My first inkling that Yes-Yes might be a few coat hangers short of a wardrobe when it came to field safety was when we were investigating a zinc prospect called Chichaklu (essentially “the place of flowers” in Turkish.) We found an old adit and before I could stop him, he was inside flushing out bats.

A slightly shift looking Yes-Yes, far left, holding part of a PQ triple tube core barrel assembly for anyone who cares about this stuff.

Bats In My Belfry

Bats don’t frighten me, in fact I really like them, but caves full of them are not healthy places. You can catch nasty fungal lung infections from their droppings, that is if you haven’t been bitten and die a horrible, slow death from rabies first.

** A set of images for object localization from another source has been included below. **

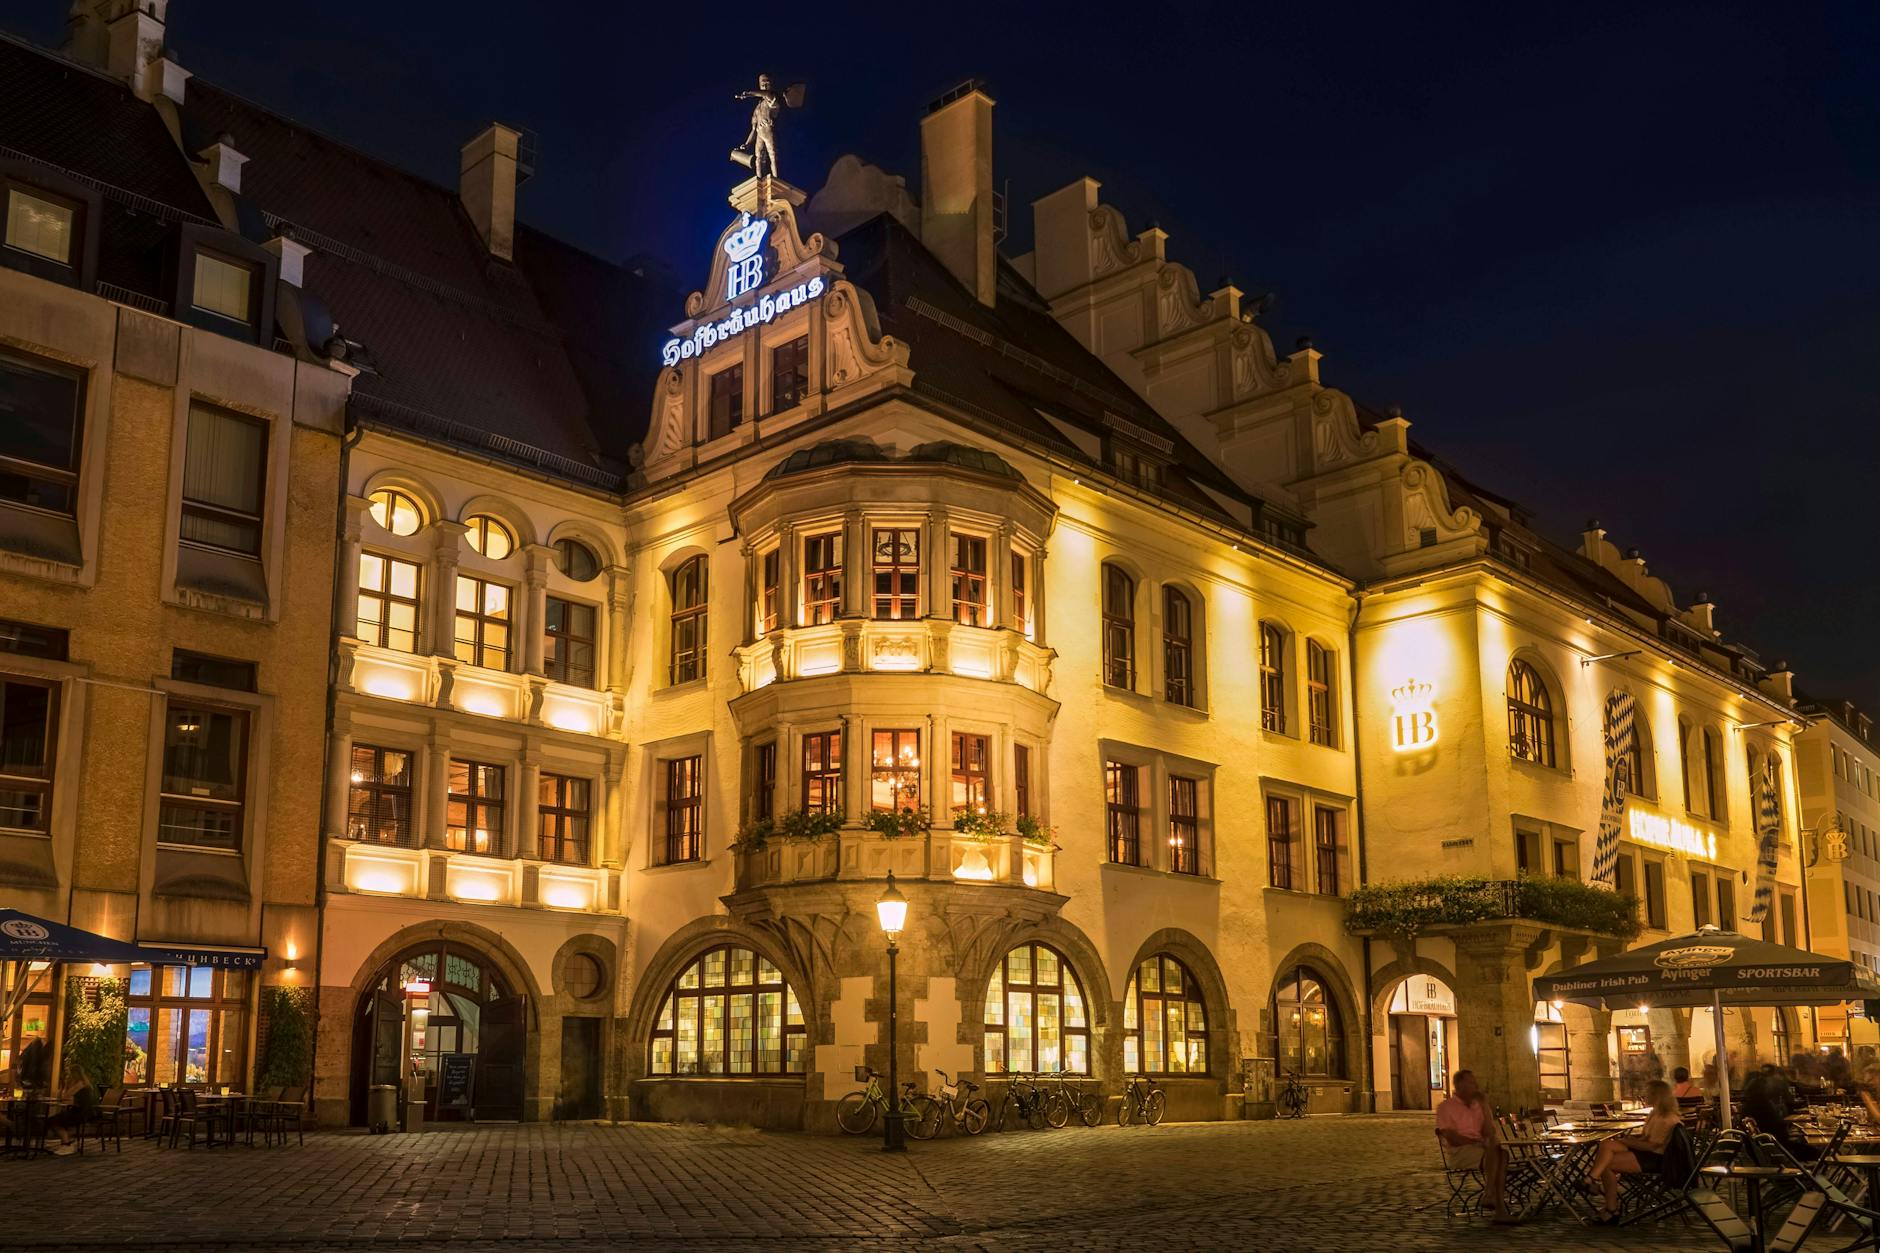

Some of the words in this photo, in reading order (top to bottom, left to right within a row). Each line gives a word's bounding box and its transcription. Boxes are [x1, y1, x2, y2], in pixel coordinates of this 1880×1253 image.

[727, 254, 763, 301] HB
[662, 276, 824, 367] Hofbräuhaus
[1394, 711, 1435, 746] HB
[1827, 842, 1848, 859] HB
[1661, 968, 1713, 981] Ayinger
[1737, 967, 1820, 979] SPORTSBAR
[1426, 983, 1436, 999] HB
[1552, 981, 1597, 992] Dubliner
[1600, 977, 1625, 987] Irish
[1628, 975, 1649, 985] Pub
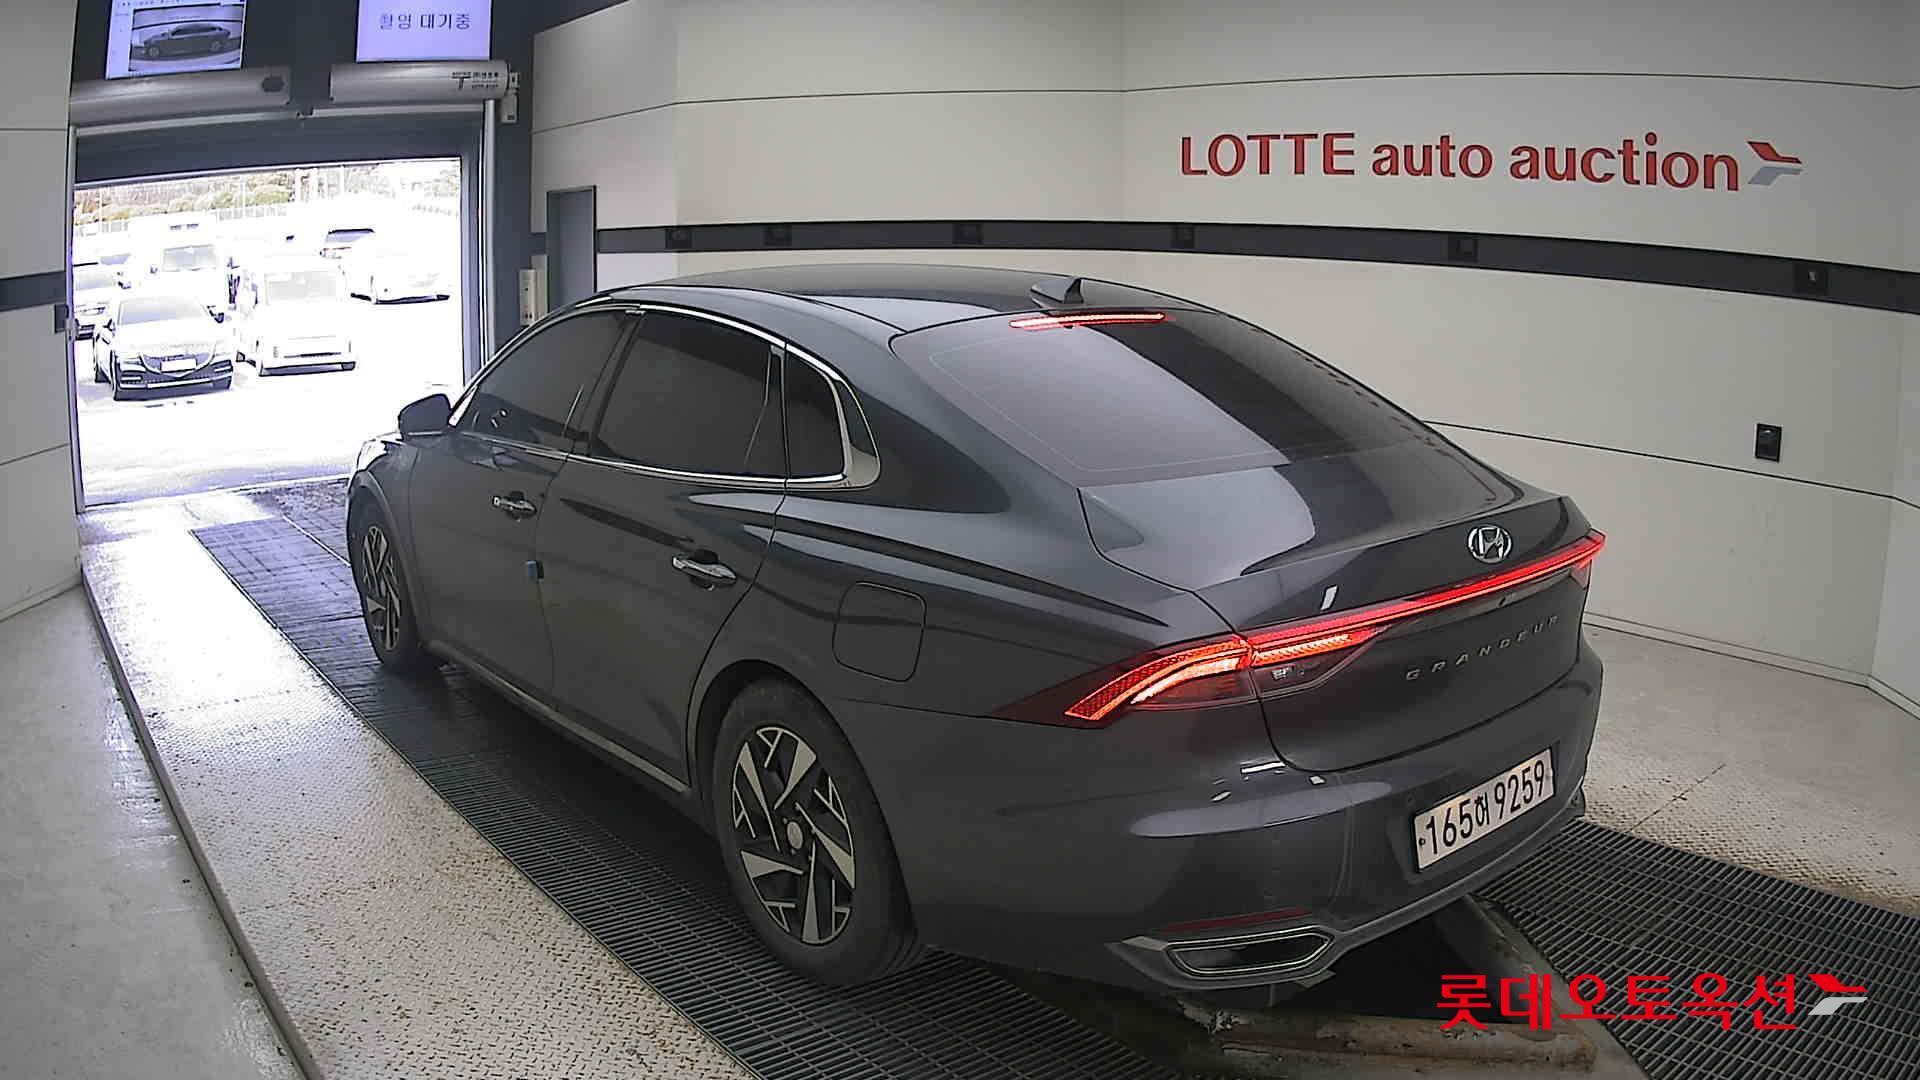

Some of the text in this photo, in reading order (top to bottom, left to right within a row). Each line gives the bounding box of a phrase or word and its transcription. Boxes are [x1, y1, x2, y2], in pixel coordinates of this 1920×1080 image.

[420, 13, 472, 30] 대기중
[1181, 132, 1739, 191] LOTTE auto auction
[1405, 615, 1561, 680] GRANDEUR
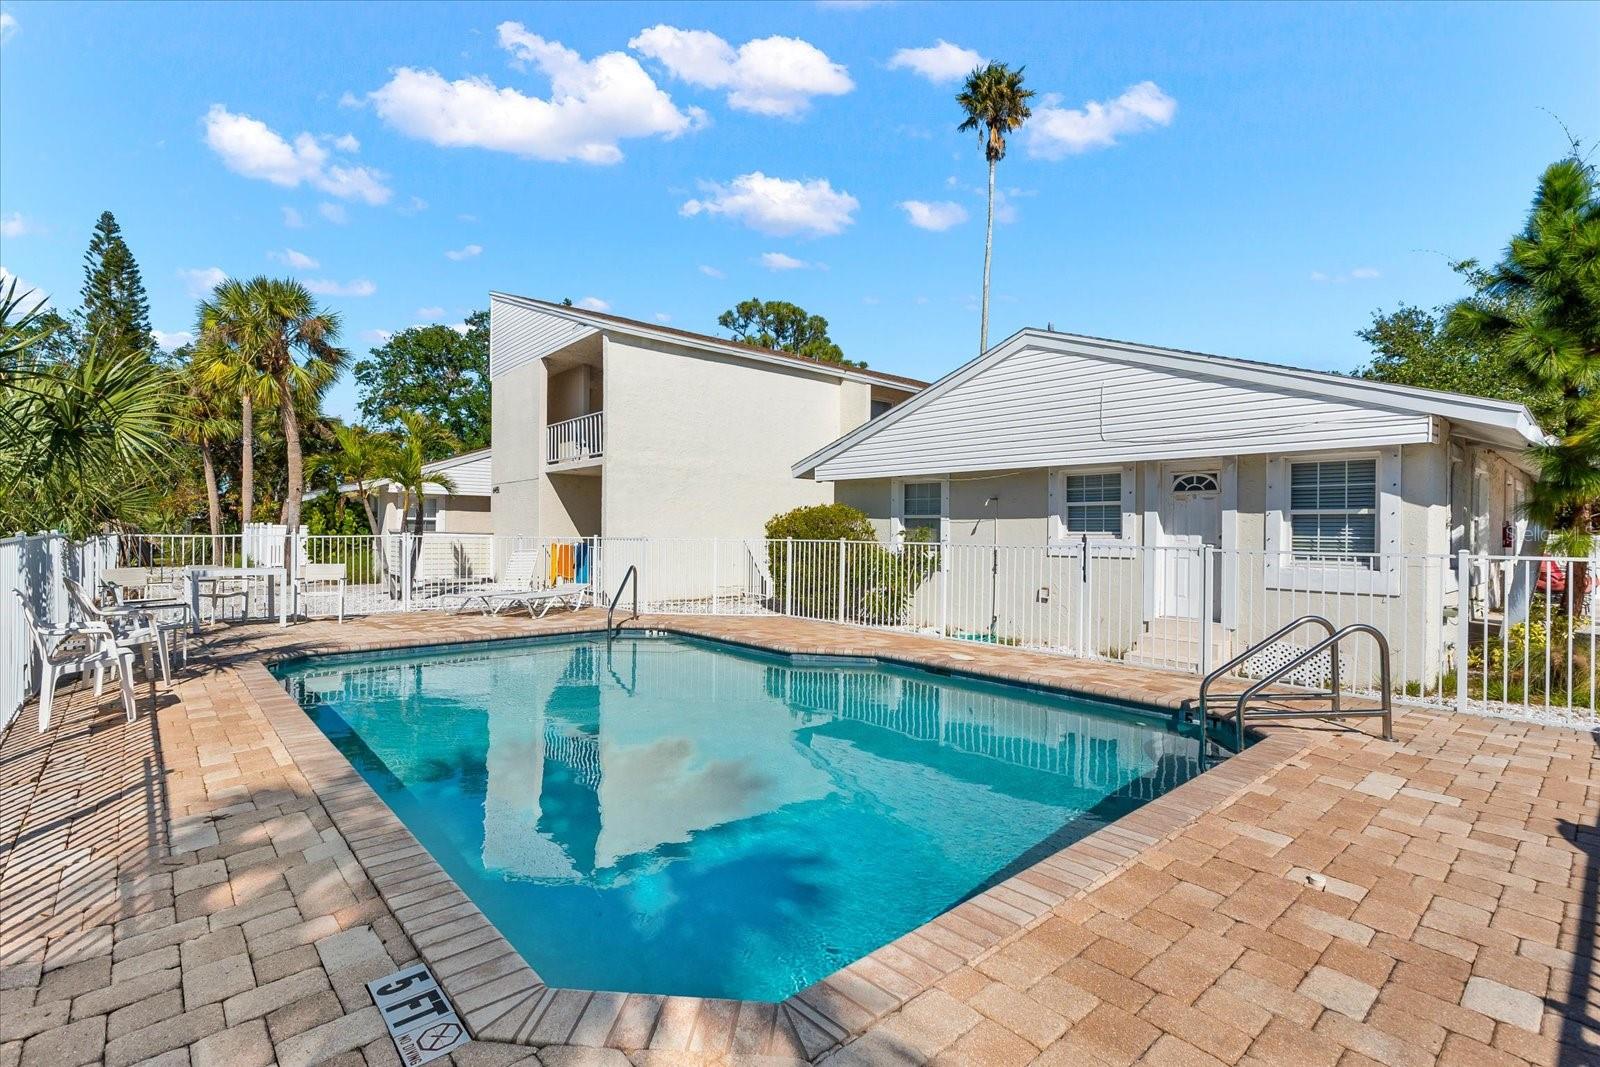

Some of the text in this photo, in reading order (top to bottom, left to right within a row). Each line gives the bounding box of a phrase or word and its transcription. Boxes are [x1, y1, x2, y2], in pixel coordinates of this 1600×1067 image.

[376, 970, 450, 1029] 5 FT
[399, 1033, 422, 1066] NO DIVING
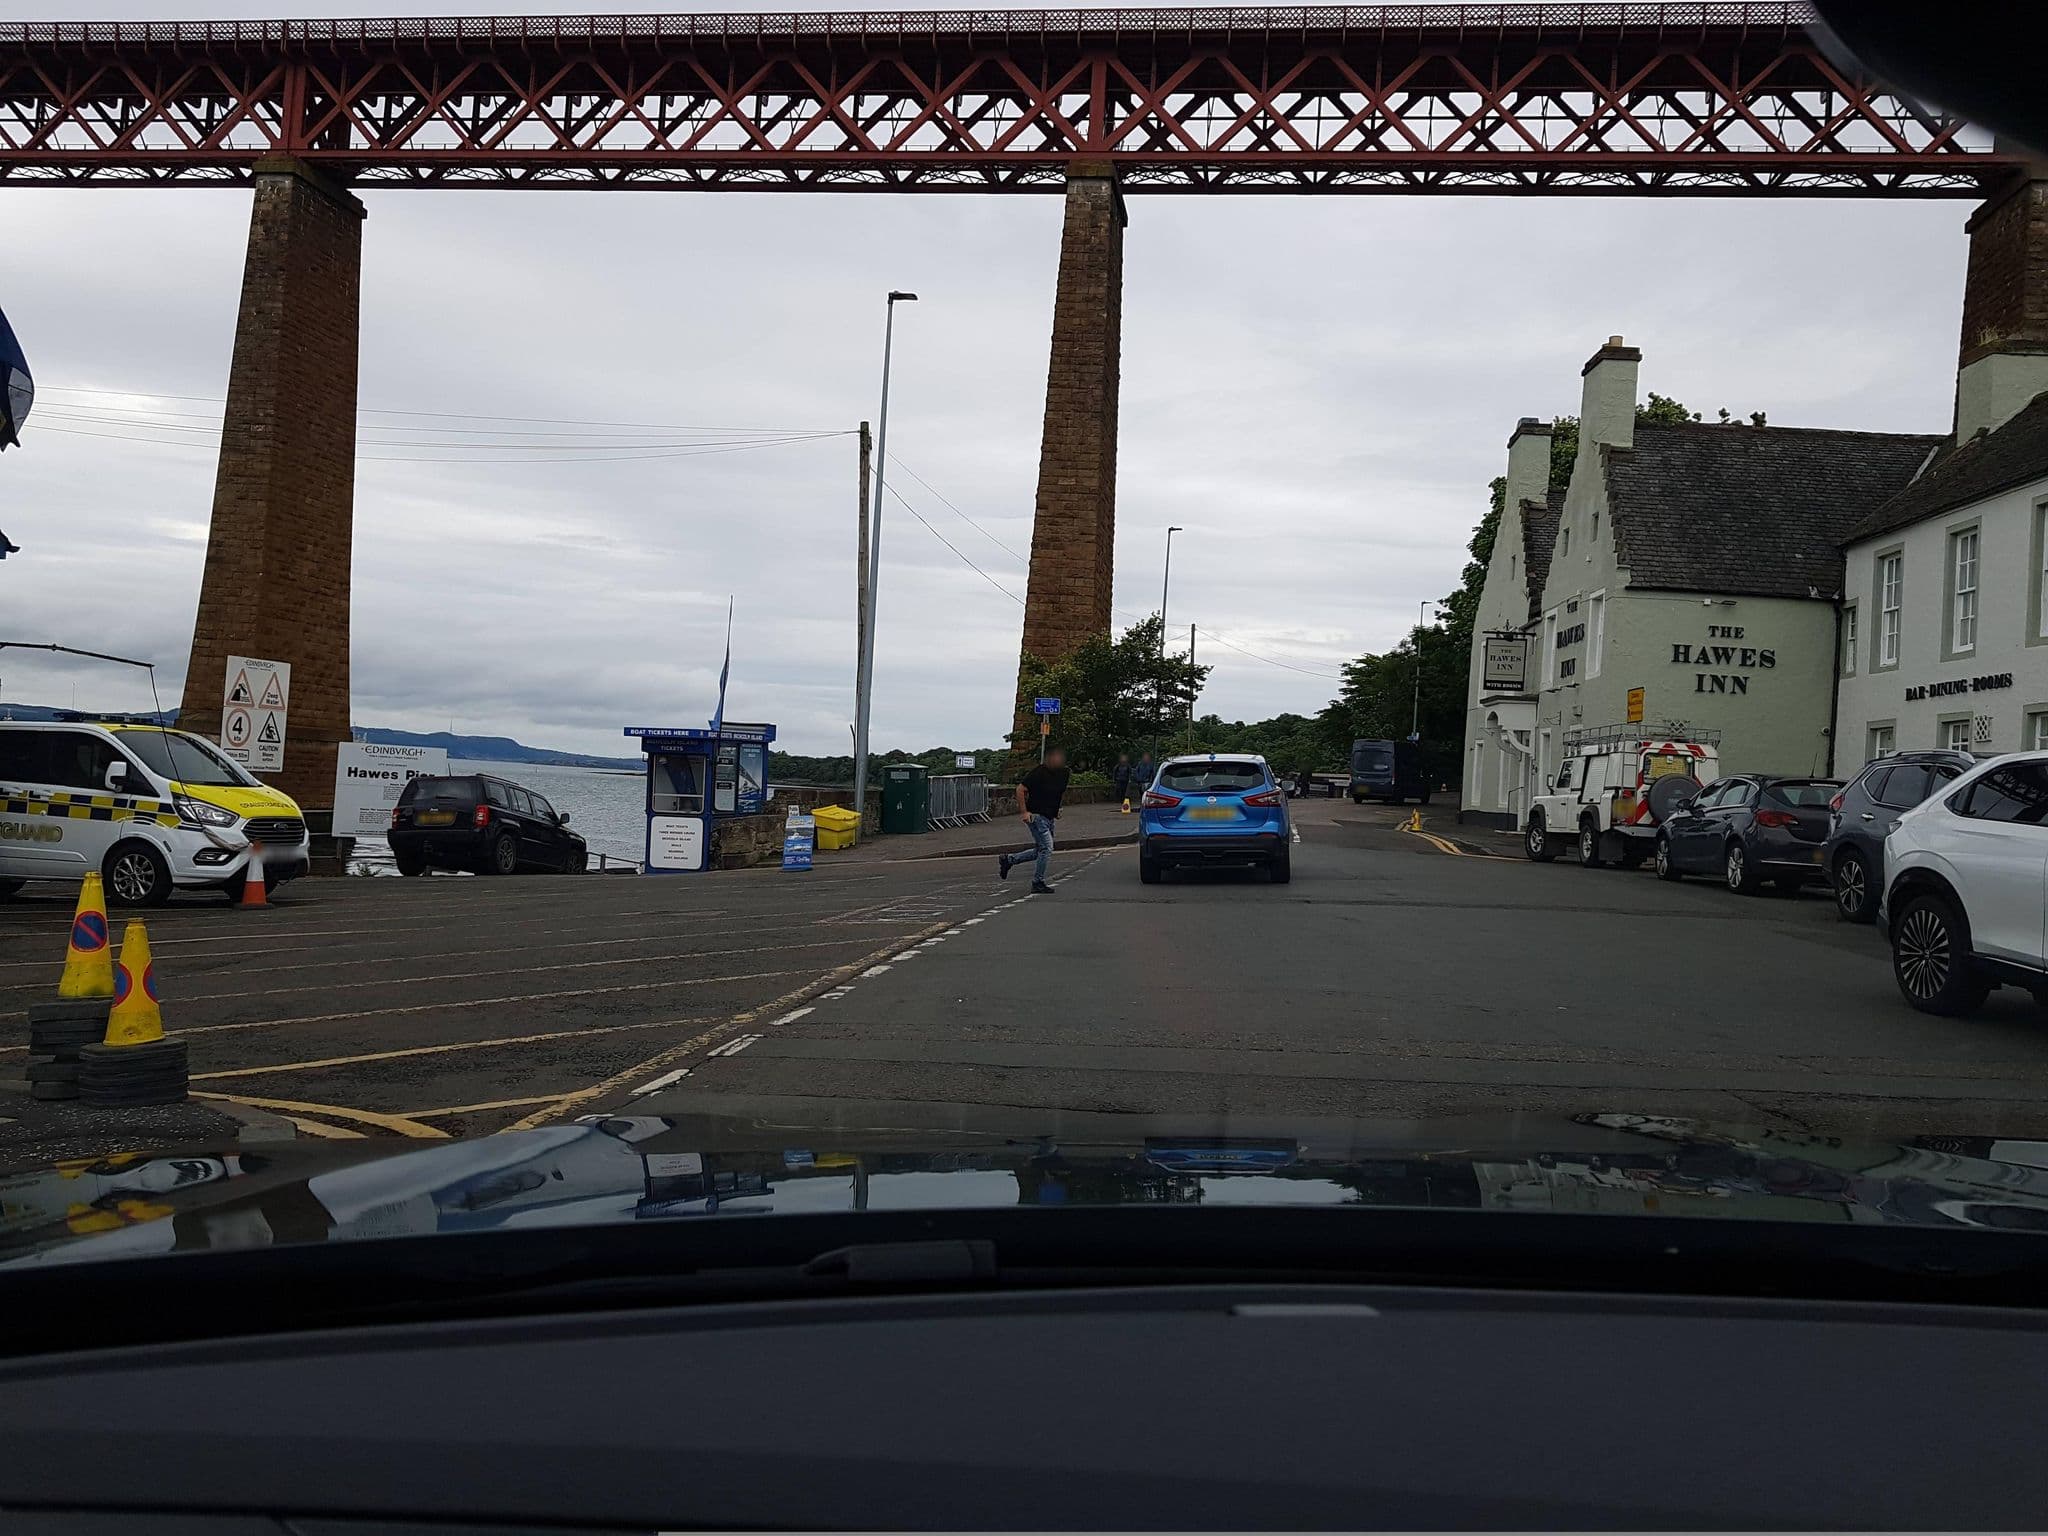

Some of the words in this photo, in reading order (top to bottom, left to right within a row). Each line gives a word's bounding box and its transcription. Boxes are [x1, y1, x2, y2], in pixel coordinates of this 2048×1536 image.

Yes-Yes emerged after a couple of minutes, grinning from ear to ear, with a bat holding onto the index finger of his left hand by its teeth and another clamped onto the top of his head. When we got back to Takab, our base, I took him to the local clinic and had the doctor explain to him in the local Turkish dialect the multiple health issues associated with bats.

Crappy Drillers

The next summer, he worked on the drill rigs at Zarshuran. We’d hired a local Iranian company to handle the drilling; not such a good idea in hindsight as western concepts of health and safety were lacking. The drill rods -big, heavy 3m PQ rods- were haphazardly stacked and one night shift, the whole oily lot collapsed sideways and a couple of them landed on Yes-Yes’s ankle, breaking it. That was his second visit to the clinic.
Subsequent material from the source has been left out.